Nizzad

Posted on May 25

🛡️ PromptGuard: I Built a Local AI Privacy Firewall That Sanitizes Your Prompts Before They Leave Your Machine

#devchallenge #gemmachallenge #gemma

Gemma 4 Challenge: Build With Gemma 4 Submission

This is a submission for the Gemma 4 Challenge: Build with Gemma 4

Every time you paste sensitive data, legal documents, or personal details into ChatGPT or Claude, that data leaves your device. PromptGuard intercepts it first — and Gemma 4 running locally does the redaction before the prompt ever touches a cloud server.

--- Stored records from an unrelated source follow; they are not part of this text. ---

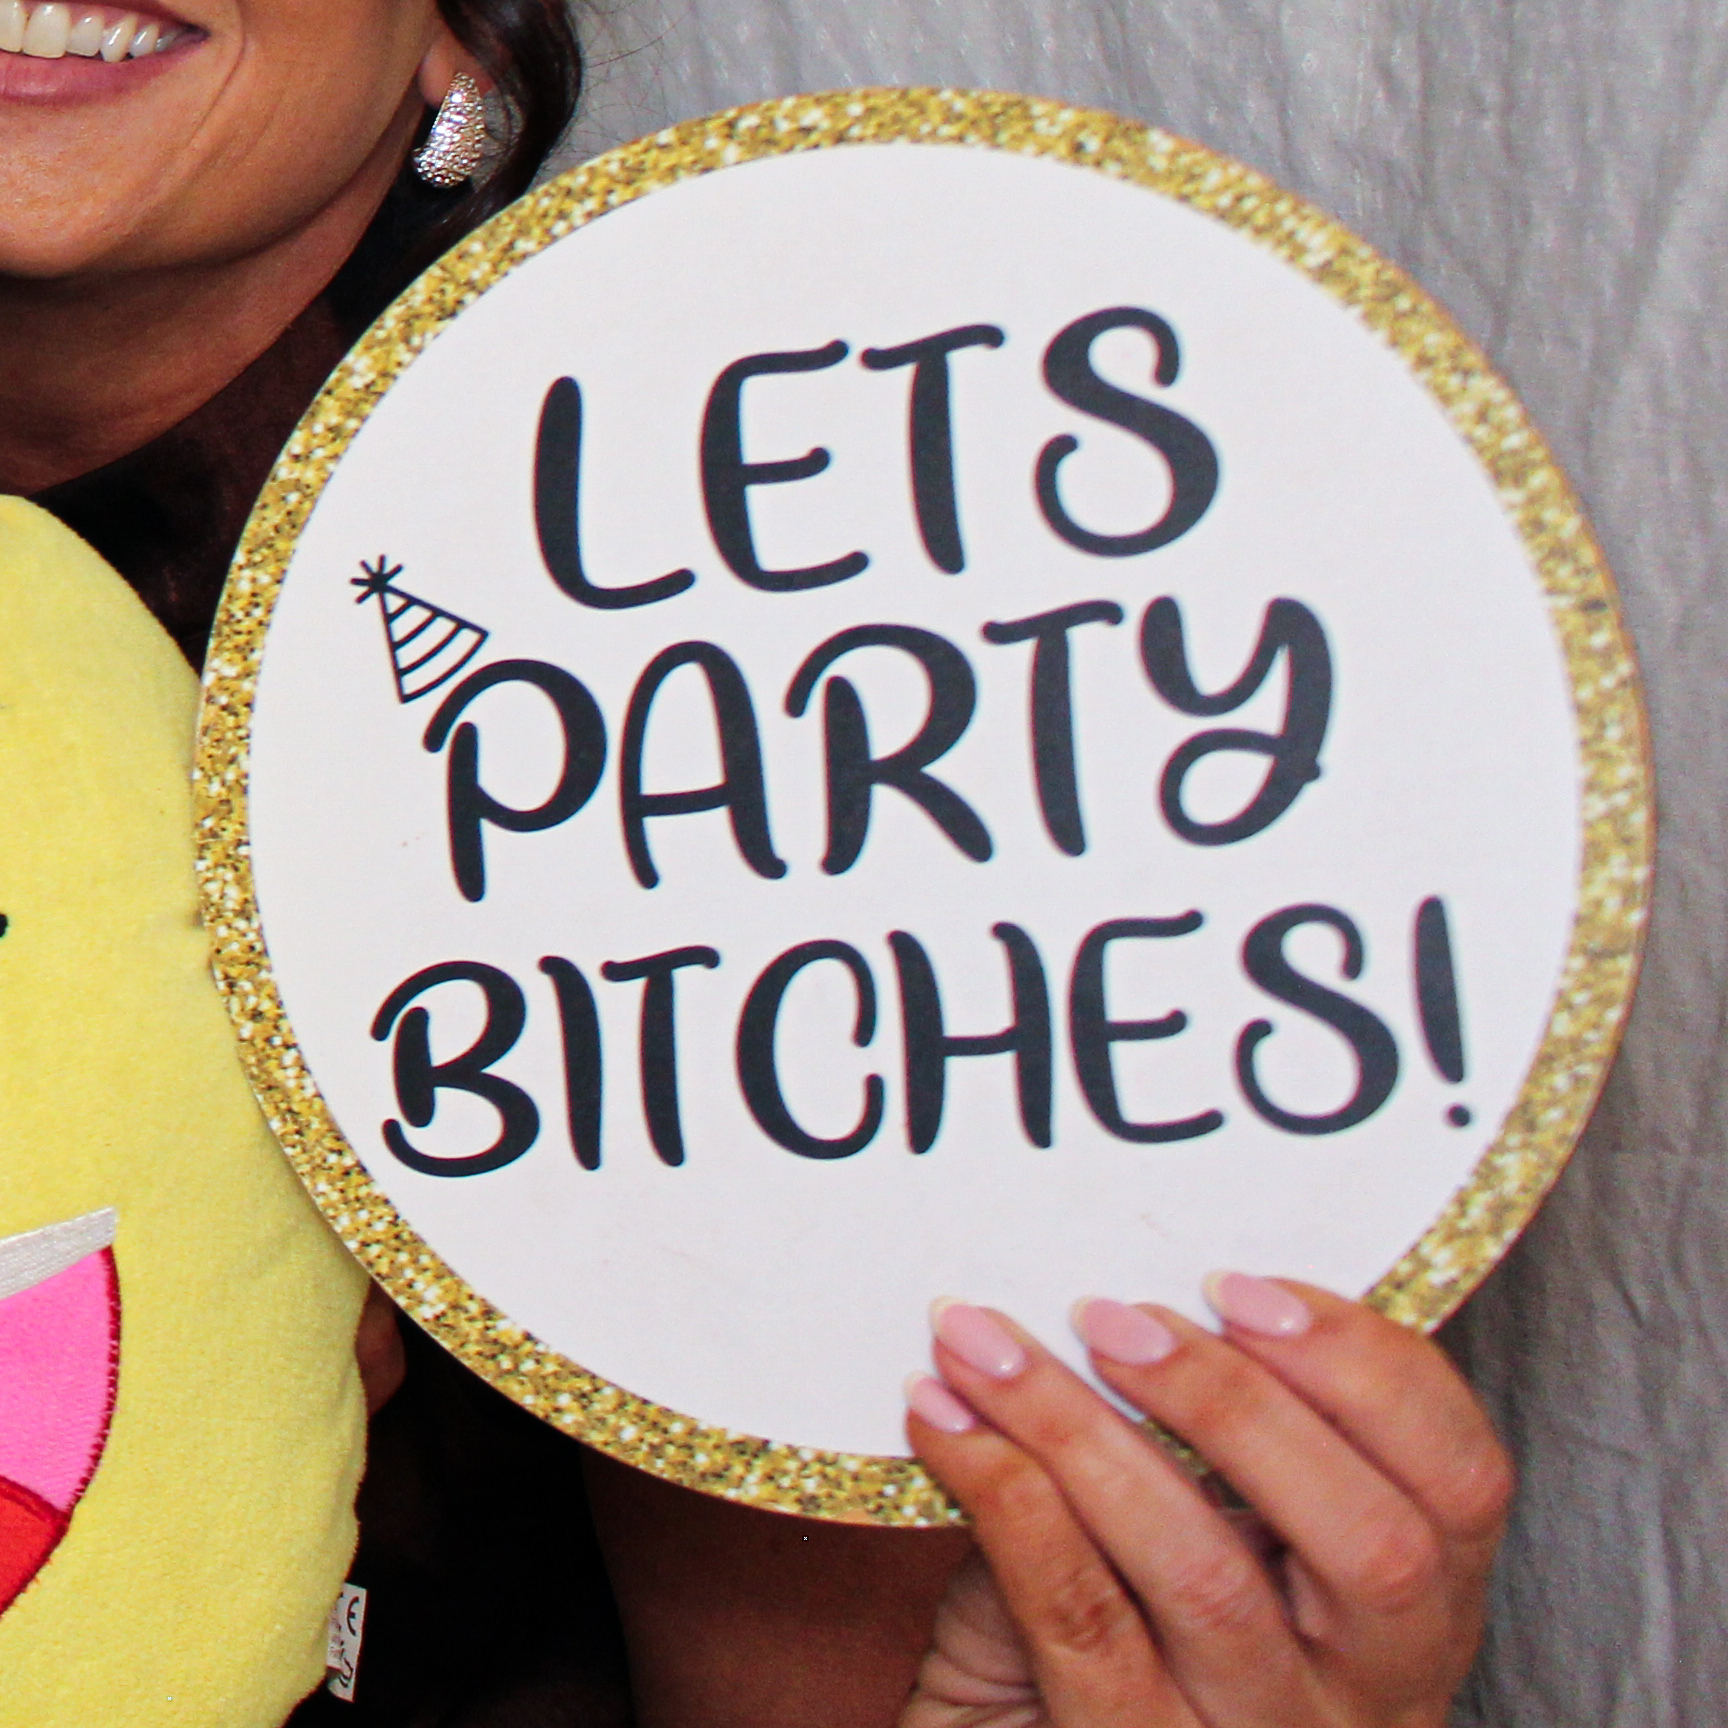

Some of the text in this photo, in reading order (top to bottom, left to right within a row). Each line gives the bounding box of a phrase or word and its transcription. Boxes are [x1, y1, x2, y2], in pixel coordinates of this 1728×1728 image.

[531, 305, 1221, 611] LETS
[421, 595, 1334, 904] PARTY
[369, 895, 1474, 1180] BITCHES!
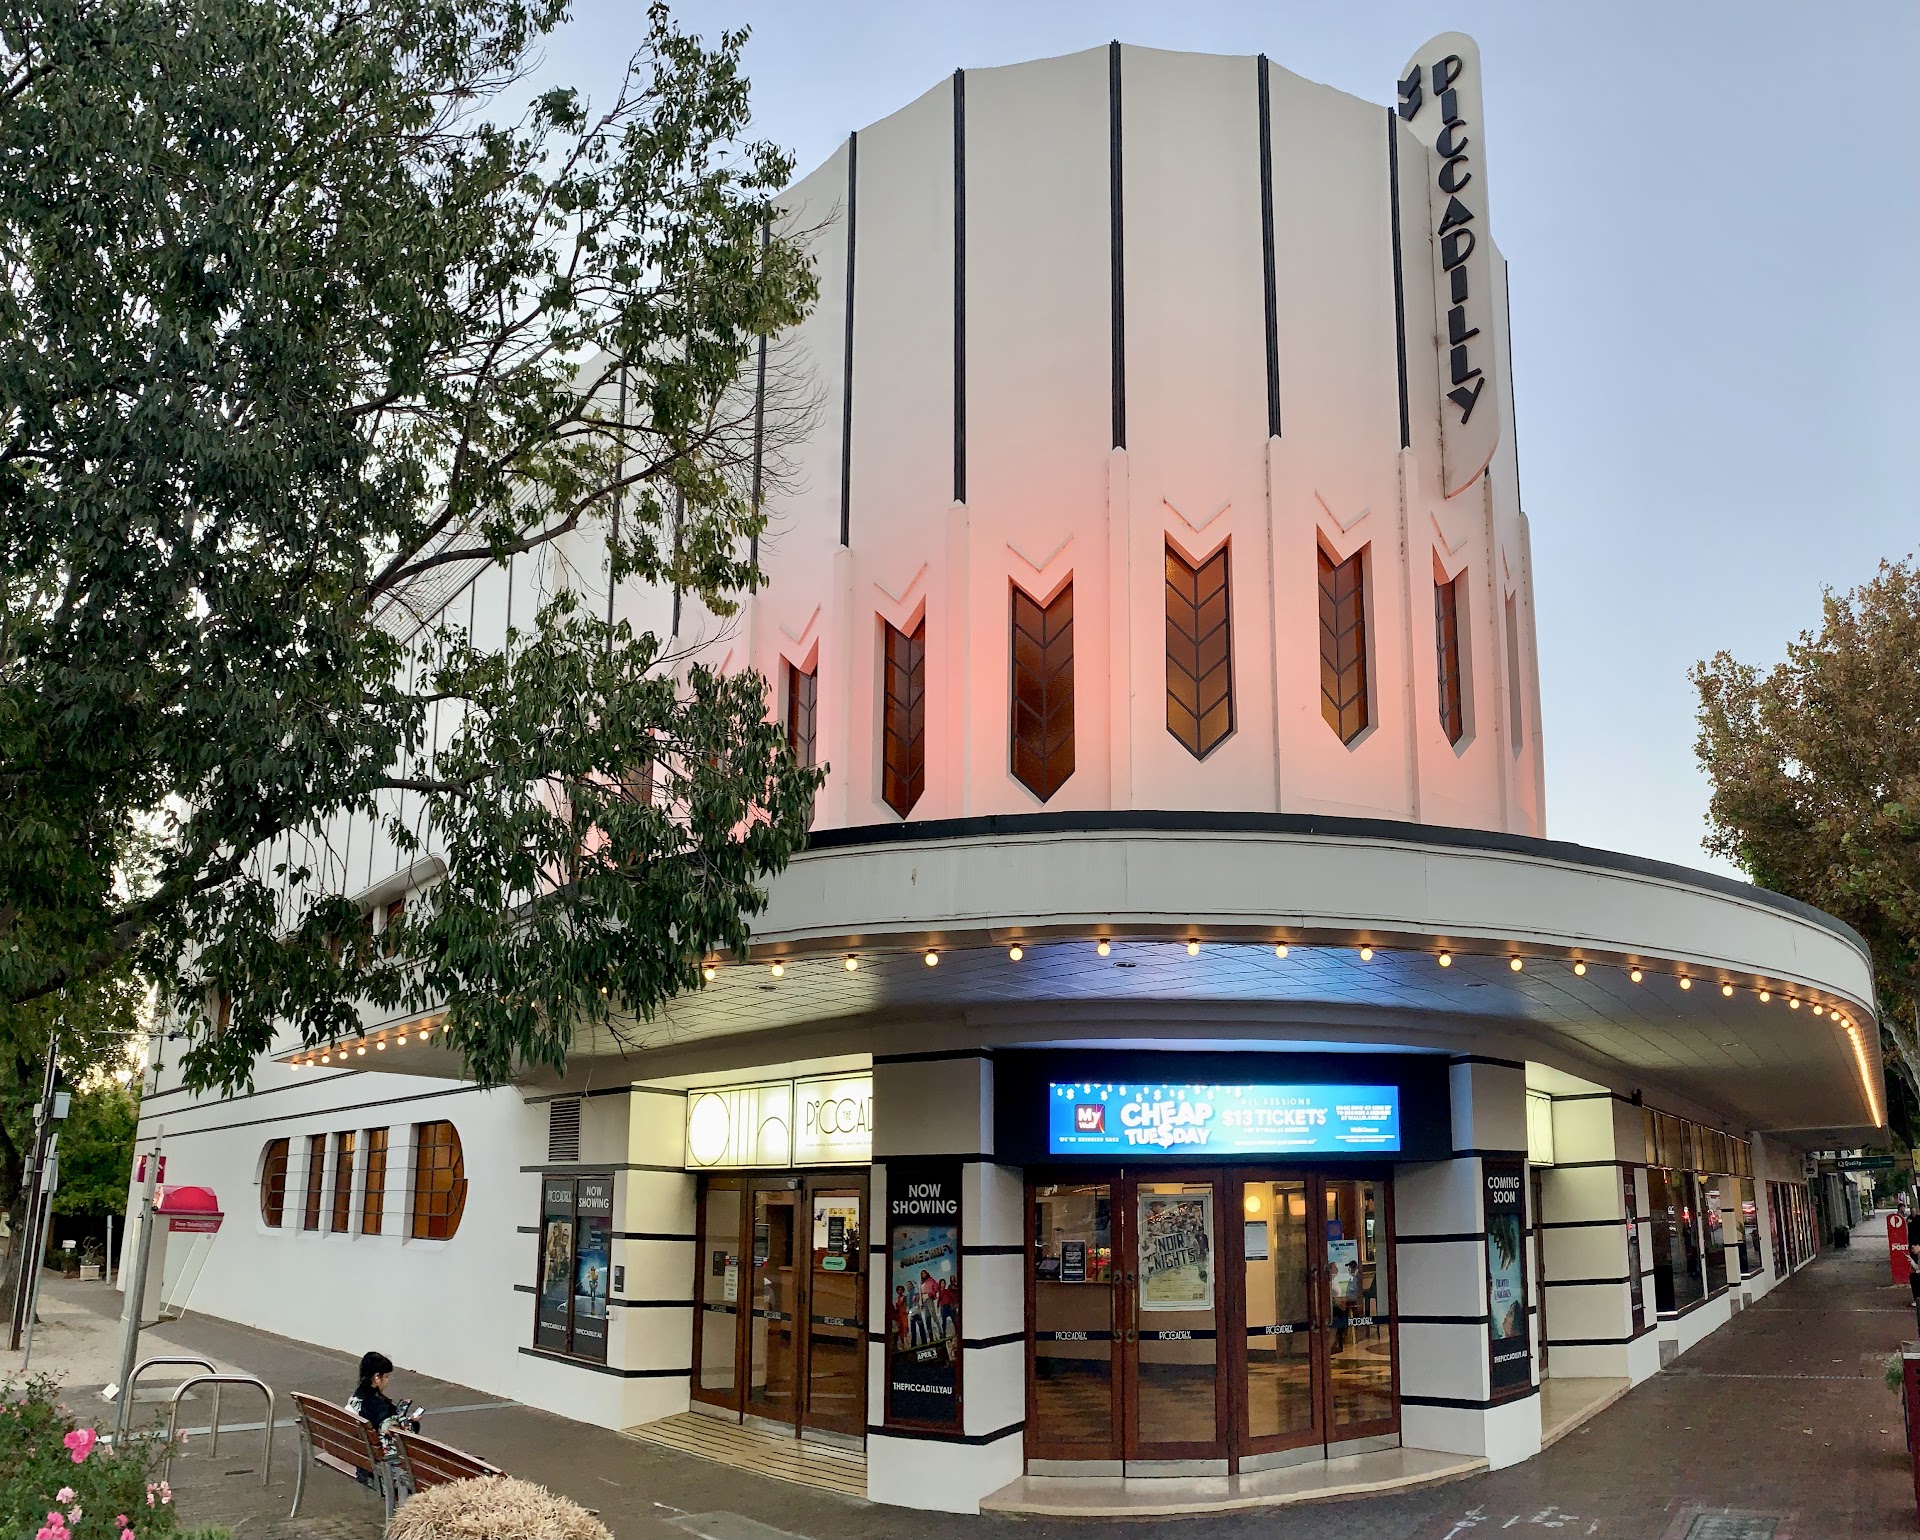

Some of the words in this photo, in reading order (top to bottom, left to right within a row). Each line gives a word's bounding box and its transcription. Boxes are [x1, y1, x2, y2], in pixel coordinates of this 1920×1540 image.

[1431, 54, 1485, 425] PICCADILLY
[1263, 1097, 1311, 1105] SESSIONS
[1078, 1108, 1101, 1126] My
[1120, 1101, 1213, 1127] CHEAP
[1222, 1108, 1253, 1127] $13
[1488, 1176, 1520, 1189] COMING
[586, 1186, 602, 1196] NOW
[908, 1184, 942, 1197] NOW
[1493, 1190, 1516, 1203] SOON
[578, 1197, 610, 1209] SHOWING
[892, 1200, 958, 1214] SHOWING
[1157, 1233, 1185, 1253] NOIR
[1153, 1248, 1196, 1270] NIGHTS

The Problem Nobody Talks About
What I Built
Why Gemma 4 Is the Right Model for This
System Architecture
How It Works: The Full Pipeline
The Chrome Extension
The Local Backend
Real-World Demo: Legal Document Workflow
What Gets Redacted
Limitations and Honest Caveats
What's Next
Key Takeaways

The Problem Nobody Talks About

Every week, professionals across healthcare, law, finance, and government are doing something they probably shouldn't: pasting sensitive documents directly into public AI interfaces.

A lawyer drafting a brief pastes a client's NIC number, phone, and case details into ChatGPT to get a summary. A doctor asks Claude to help structure a patient report — with the patient's full name and health data in the prompt. A developer pastes a production database dump to debug a query. A researcher uploads a compliance document containing employee records.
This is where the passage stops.